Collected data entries
================
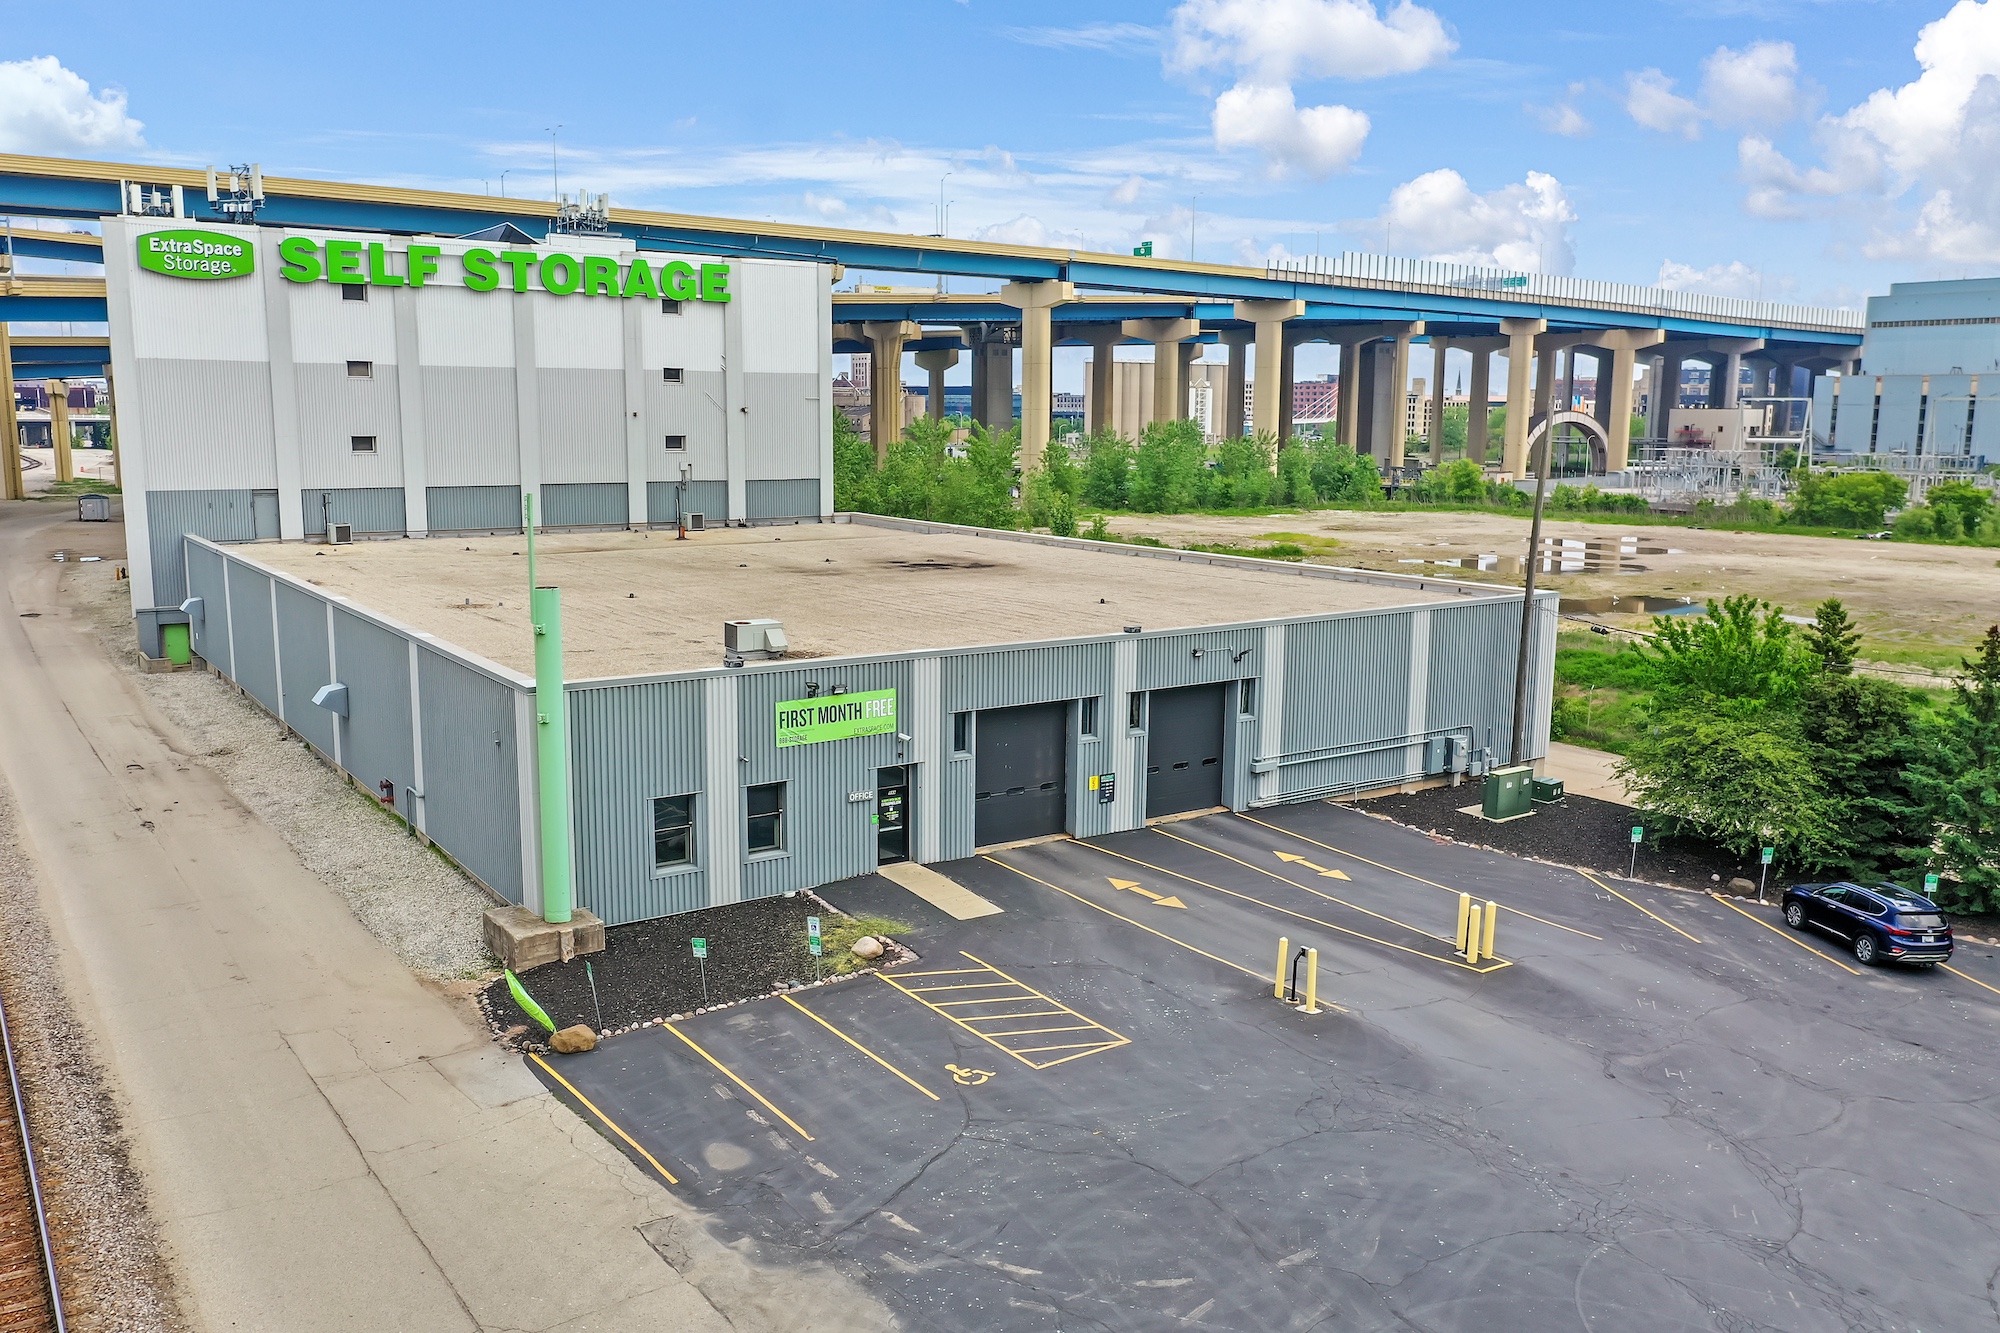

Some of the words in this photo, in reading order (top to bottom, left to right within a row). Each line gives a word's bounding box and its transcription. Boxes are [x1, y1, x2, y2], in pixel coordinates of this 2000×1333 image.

[149, 237, 243, 257] ExtraSpace
[163, 254, 231, 275] Storage
[279, 236, 441, 288] SELF
[463, 248, 731, 303] STORAGE
[779, 707, 815, 730] FIRST
[818, 701, 862, 725] MONTH
[865, 697, 894, 719] FREE
[849, 790, 873, 801] OFFICE
================
▸ Assigned task
Print all the lines above again exactly, without any pictures.

▸ Output
Some of the words in this photo, in reading order (top to bottom, left to right within a row). Each line gives a word's bounding box and its transcription. Boxes are [x1, y1, x2, y2], in pixel coordinates of this 2000×1333 image.

[149, 237, 243, 257] ExtraSpace
[163, 254, 231, 275] Storage
[279, 236, 441, 288] SELF
[463, 248, 731, 303] STORAGE
[779, 707, 815, 730] FIRST
[818, 701, 862, 725] MONTH
[865, 697, 894, 719] FREE
[849, 790, 873, 801] OFFICE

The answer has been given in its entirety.